Een Surinaamse kennis van mij vertelde laatst dat hij zich pas na bijna een jaar echt geaccepteerd voelde op zijn werk in de regio Den Haag.
We spraken erover tijdens zijn vakantie in Suriname. Hij werkt op kantoor met voornamelijk autochtone Nederlanders, begon enthousiast en maakte netjes kennis met iedereen. Toch bleef het maandenlang stil van de andere kant.
Hij vertelde dat collega’s wel onderling spraken over vakanties, weekendplannen of leuke uitstapjes, maar dat hij zelden werd betrokken bij die gesprekken. Ze groetten hem wel, maar het bleef oppervlakkig.
Niemand vroeg bijvoorbeeld of hij ook vakantieplannen had. Pas na een jaar, toen hij zich volgens hemzelf genoeg had ‘bewezen’, kwam er langzaam verandering in. Hij voelde zich toen pas écht opgenomen in het team.

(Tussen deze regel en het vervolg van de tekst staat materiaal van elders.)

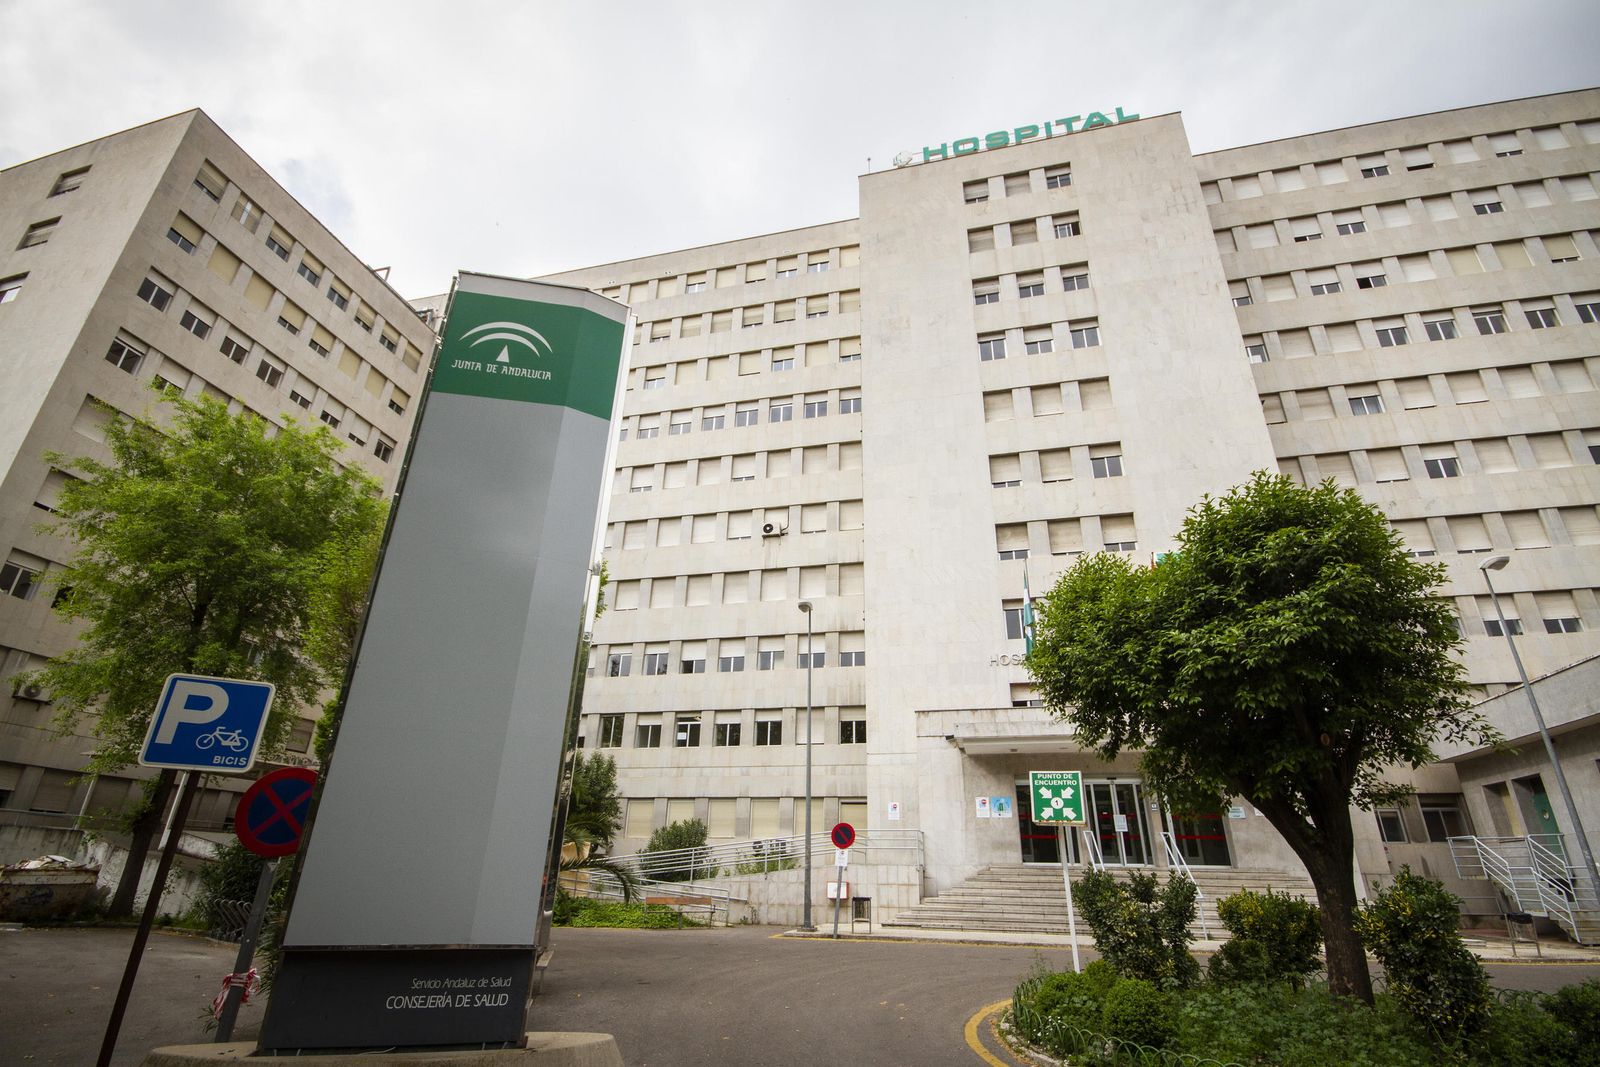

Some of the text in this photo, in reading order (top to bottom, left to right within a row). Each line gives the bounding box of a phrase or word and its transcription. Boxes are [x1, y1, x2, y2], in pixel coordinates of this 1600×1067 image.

[922, 106, 1140, 163] HOSPITAL
[451, 359, 552, 381] JUNTA DE ANDALUCIA
[154, 680, 230, 745] P
[212, 755, 248, 766] BICIS
[411, 976, 512, 990] Servicio Andaluz de Salud
[386, 991, 509, 1009] CONSEJERÍA DE SALUD

Ik herken zijn ervaring. Toen ik zelf in Nederland werkte, viel me ook op dat het even duurt voordat mensen je echt toelaten. Zeker in formele omgevingen moet je eerst laten zien wat je waard bent, voordat je serieus genomen wordt.
Het lijkt alsof er een onzichtbare groepscode is: dezelfde manier van praten, dezelfde humor, en een gedeelde achtergrond die vaak vanzelfsprekend is voor wie daar geboren is.

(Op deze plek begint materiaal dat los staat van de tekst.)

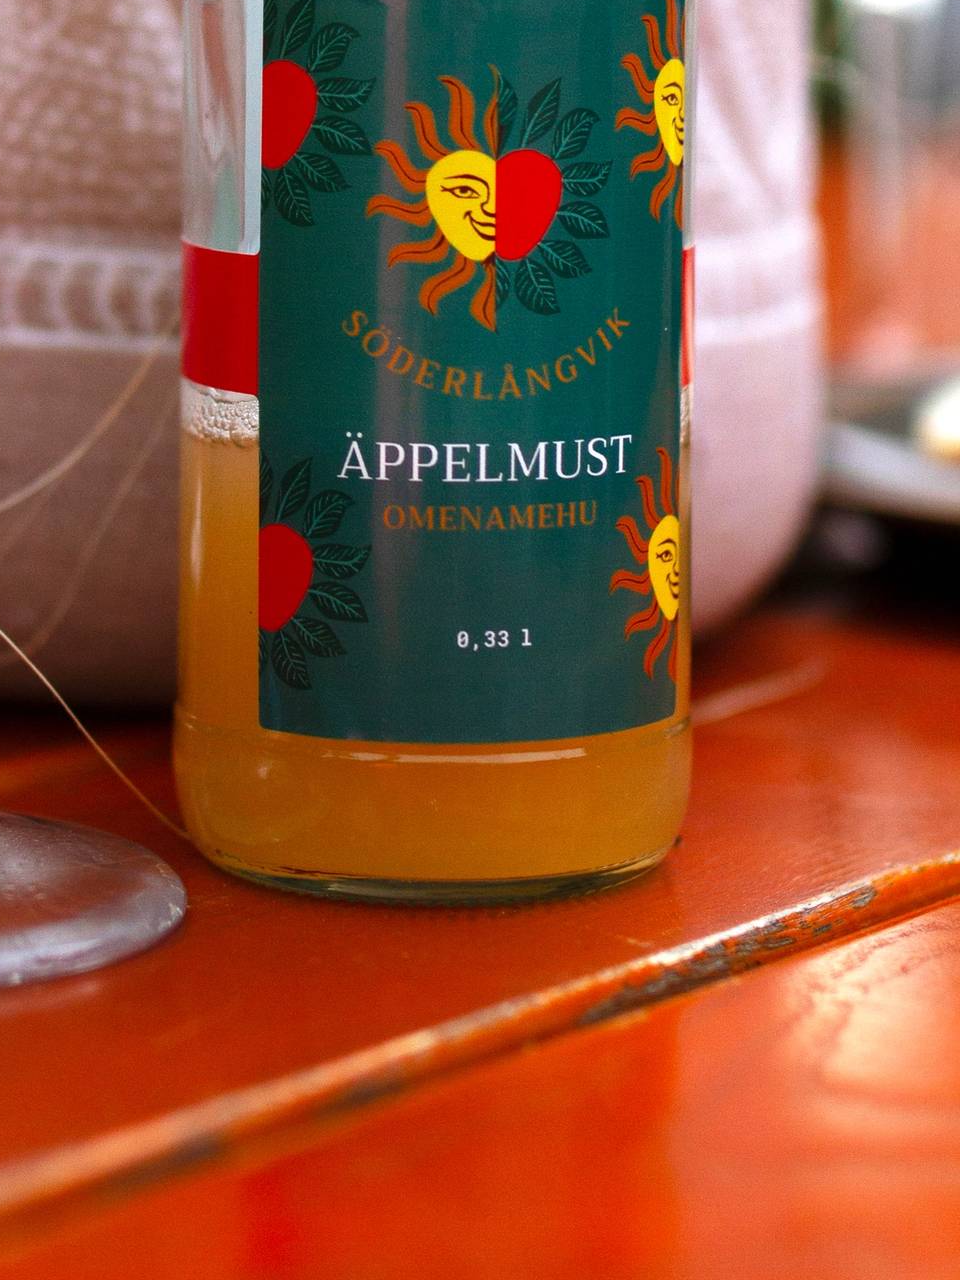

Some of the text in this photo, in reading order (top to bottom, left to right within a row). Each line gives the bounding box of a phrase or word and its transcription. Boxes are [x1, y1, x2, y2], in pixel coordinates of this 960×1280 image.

[342, 307, 631, 400] SÖDERLÅNGVIK
[336, 431, 632, 482] ÄPPELMUST
[383, 499, 598, 531] OMENAMEHU
[456, 630, 509, 652] 0,33

Maar ik zie ook de andere kant. Nederlandse collega’s zijn soms juist voorzichtig, uit beleefdheid of angst om de ander niet te willen beledigen.
Ze willen je niet overvragen of opdringerig zijn. En aan Surinaamse kant is er soms ook terughoudendheid: je wil niet opdringen, en je voelt je soms een buitenstaander.
Toch geloof ik dat het ijs sneller breekt als beide kanten wat actiever contact zoeken.
Een simpel praatje kan het verschil maken. Vertrouwen groeit niet vanzelf. Iemand moet het eerste zetje geven.
Foto ter illustratie.
Voor contact: patricia@gfcnieuws.com of direct via WhatsApp.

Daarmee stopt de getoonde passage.